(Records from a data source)
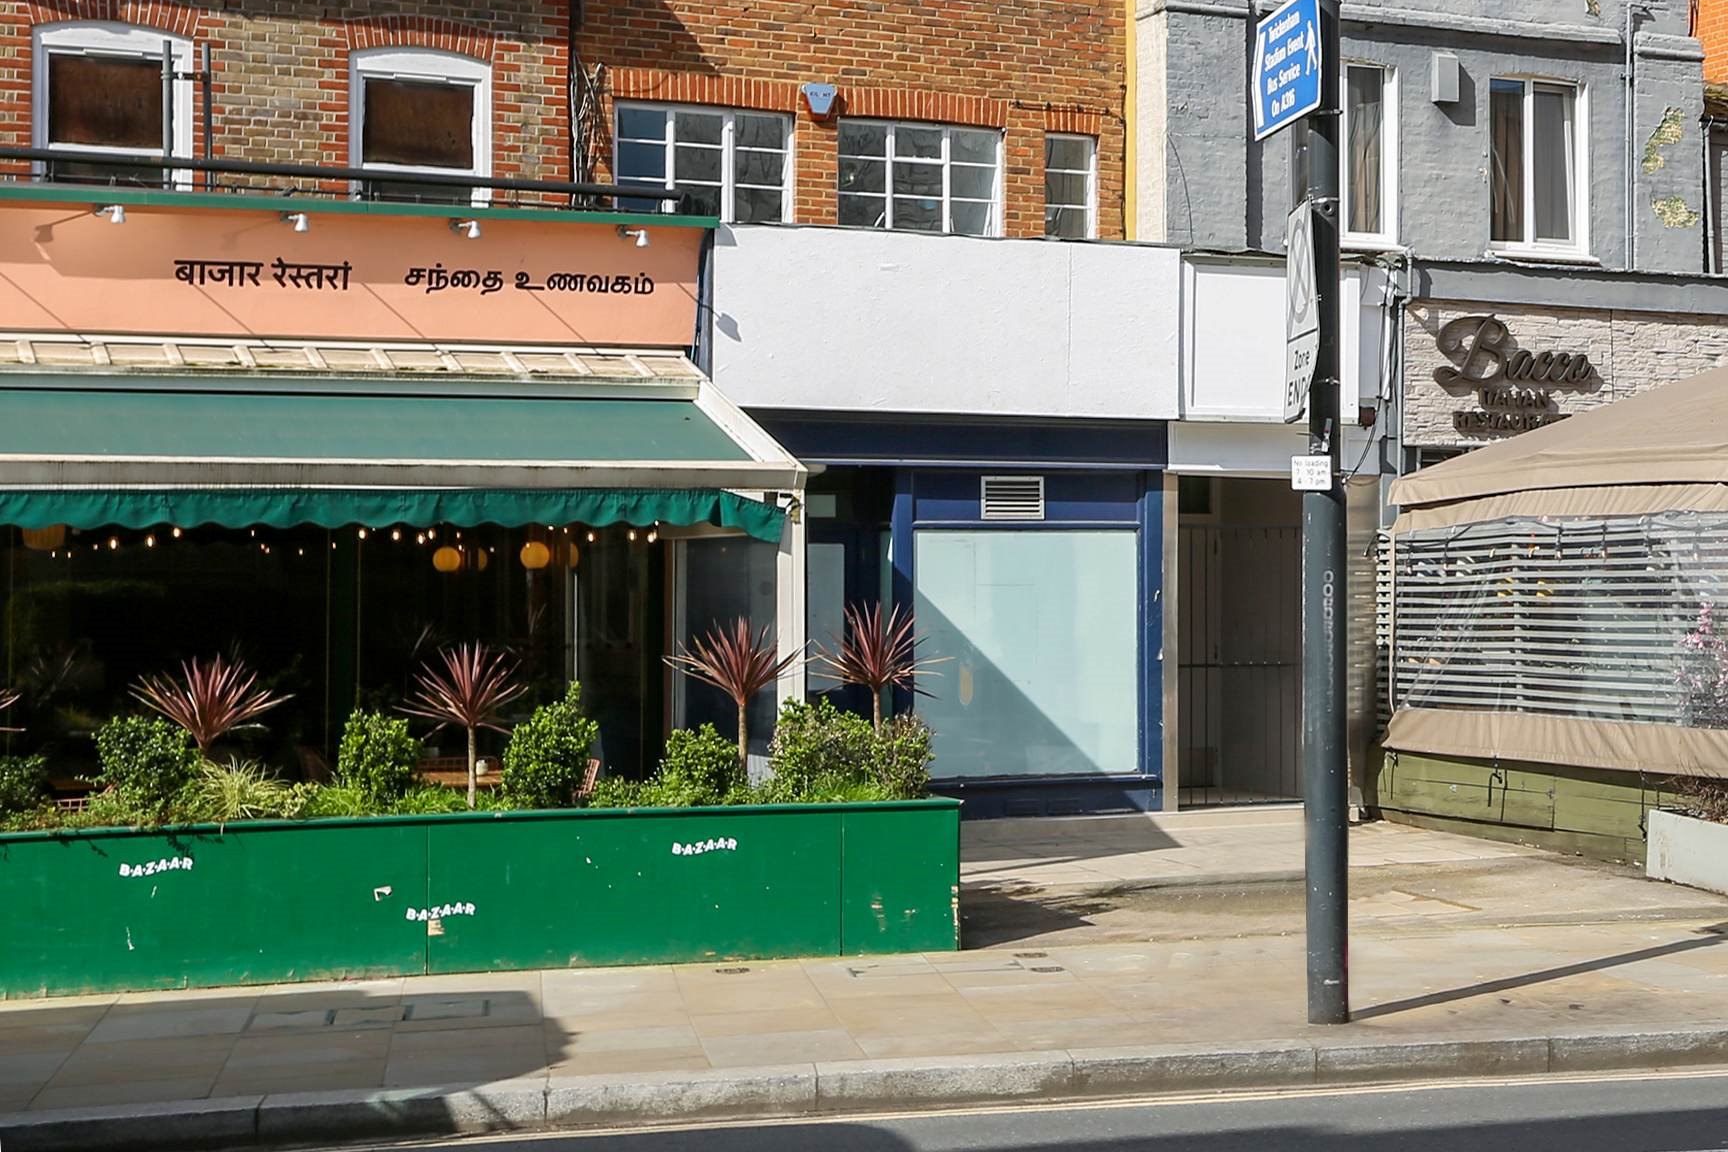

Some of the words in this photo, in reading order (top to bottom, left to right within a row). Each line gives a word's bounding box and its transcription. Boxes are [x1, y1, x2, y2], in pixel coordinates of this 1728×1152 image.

[1266, 77, 1278, 96] Bus
[1278, 62, 1301, 88] Service
[174, 259, 264, 287] बाजार
[404, 263, 504, 295] சந்தை
[515, 271, 655, 295] உணவகம்
[1294, 349, 1310, 370] Zone
[1433, 314, 1594, 384] Bacco
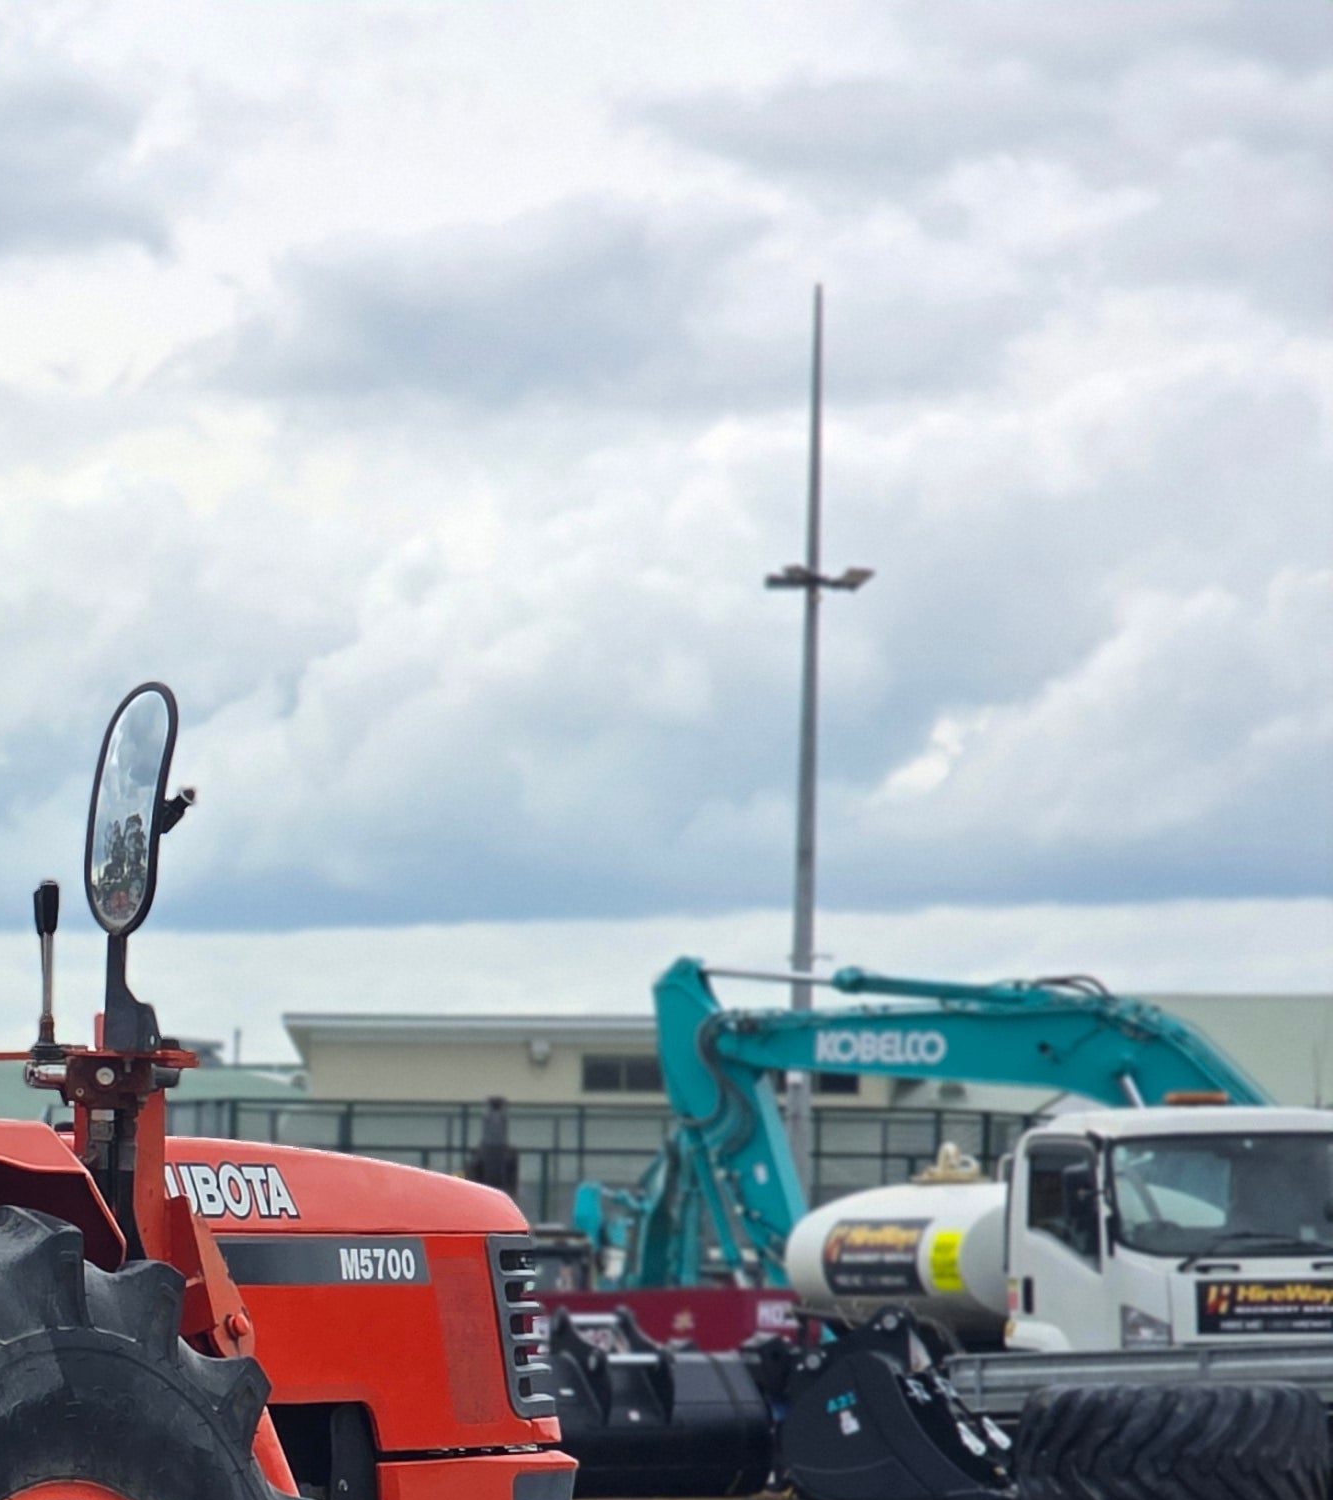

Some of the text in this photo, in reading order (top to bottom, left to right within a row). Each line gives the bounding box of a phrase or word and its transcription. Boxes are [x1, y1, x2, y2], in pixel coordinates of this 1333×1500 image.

[815, 1029, 947, 1065] KOBELCO
[164, 1161, 301, 1219] UBOTA
[339, 1247, 416, 1281] M5700
[1236, 1284, 1333, 1305] HireWay
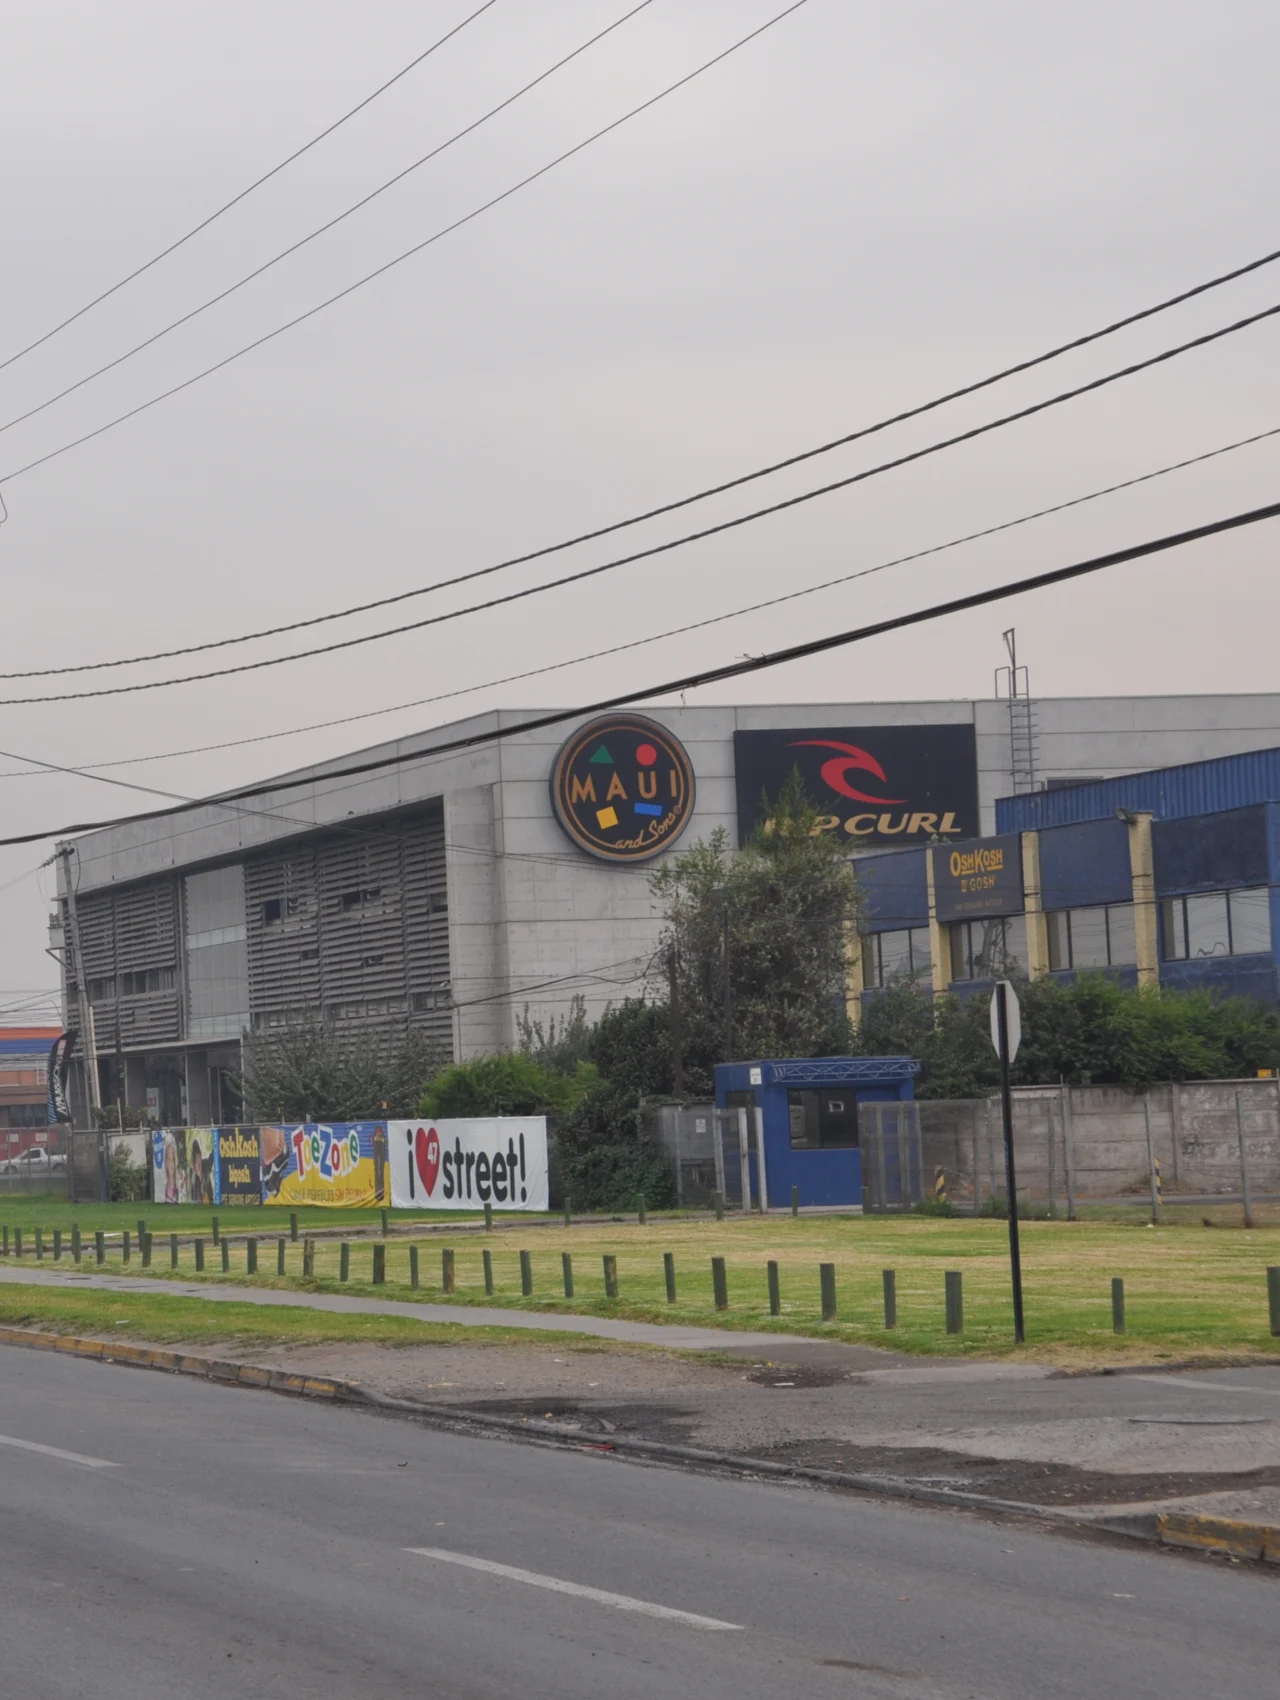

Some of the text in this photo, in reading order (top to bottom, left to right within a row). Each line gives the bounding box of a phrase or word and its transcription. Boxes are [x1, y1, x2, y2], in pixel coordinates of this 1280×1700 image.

[570, 768, 678, 804] MAUI
[615, 812, 677, 849] and Sons
[406, 1128, 528, 1204] i street!
[427, 1141, 438, 1165] 47
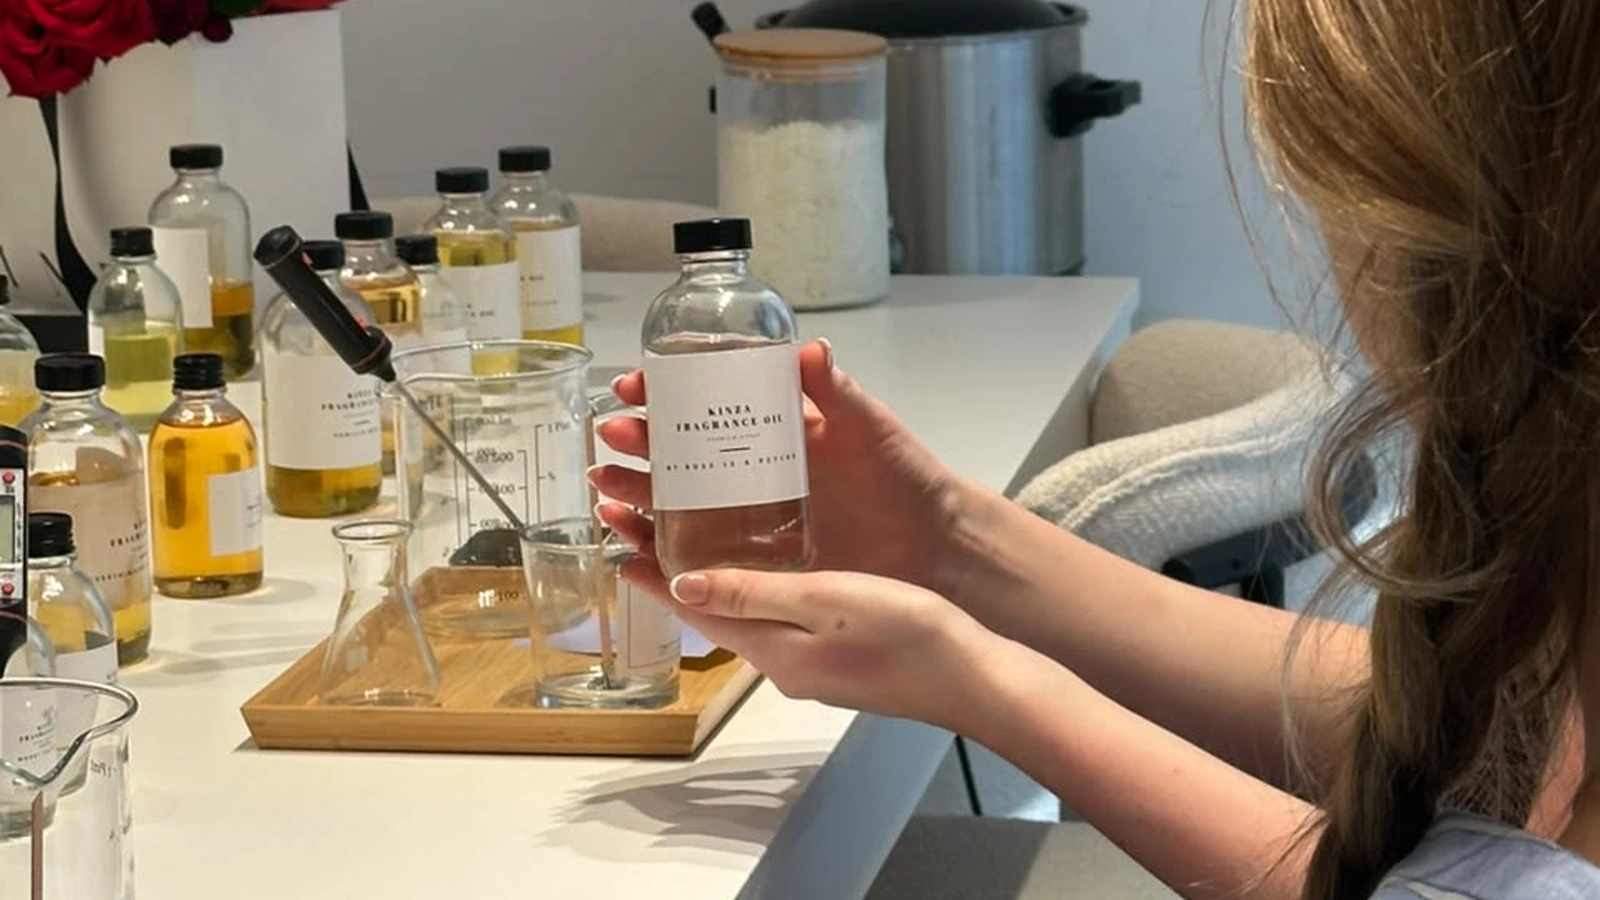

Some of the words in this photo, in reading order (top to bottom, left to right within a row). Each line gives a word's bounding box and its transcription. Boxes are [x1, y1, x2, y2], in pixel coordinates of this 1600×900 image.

[708, 404, 752, 416] KINZA
[676, 417, 758, 432] FRAGRANCE
[763, 414, 783, 425] OIL

WHAT IS EXPECTED
Although the records contain pictures, return only their text, exactly as written.

REPLY
Some of the words in this photo, in reading order (top to bottom, left to right within a row). Each line gives a word's bounding box and its transcription. Boxes are [x1, y1, x2, y2], in pixel coordinates of this 1728×1152 image.

[1266, 77, 1278, 96] Bus
[1278, 62, 1301, 88] Service
[174, 259, 264, 287] बाजार
[404, 263, 504, 295] சந்தை
[515, 271, 655, 295] உணவகம்
[1294, 349, 1310, 370] Zone
[1433, 314, 1594, 384] Bacco

Some of the text in this photo, in reading order (top to bottom, left to right within a row). Each line gives the bounding box of a phrase or word and its transcription. Boxes are [x1, y1, x2, y2], in pixel coordinates of this 1333×1500 image.

[815, 1029, 947, 1065] KOBELCO
[164, 1161, 301, 1219] UBOTA
[339, 1247, 416, 1281] M5700
[1236, 1284, 1333, 1305] HireWay

Some of the text in this photo, in reading order (top to bottom, left to right within a row). Each line gives the bounding box of a phrase or word and its transcription. Boxes are [x1, y1, x2, y2], in pixel coordinates of this 1280×1700 image.

[570, 768, 678, 804] MAUI
[615, 812, 677, 849] and Sons
[406, 1128, 528, 1204] i street!
[427, 1141, 438, 1165] 47

Some of the words in this photo, in reading order (top to bottom, left to right within a row). Each line gives a word's bounding box and its transcription. Boxes are [x1, y1, x2, y2], in pixel coordinates of this 1600×900 image.

[708, 404, 752, 416] KINZA
[676, 417, 758, 432] FRAGRANCE
[763, 414, 783, 425] OIL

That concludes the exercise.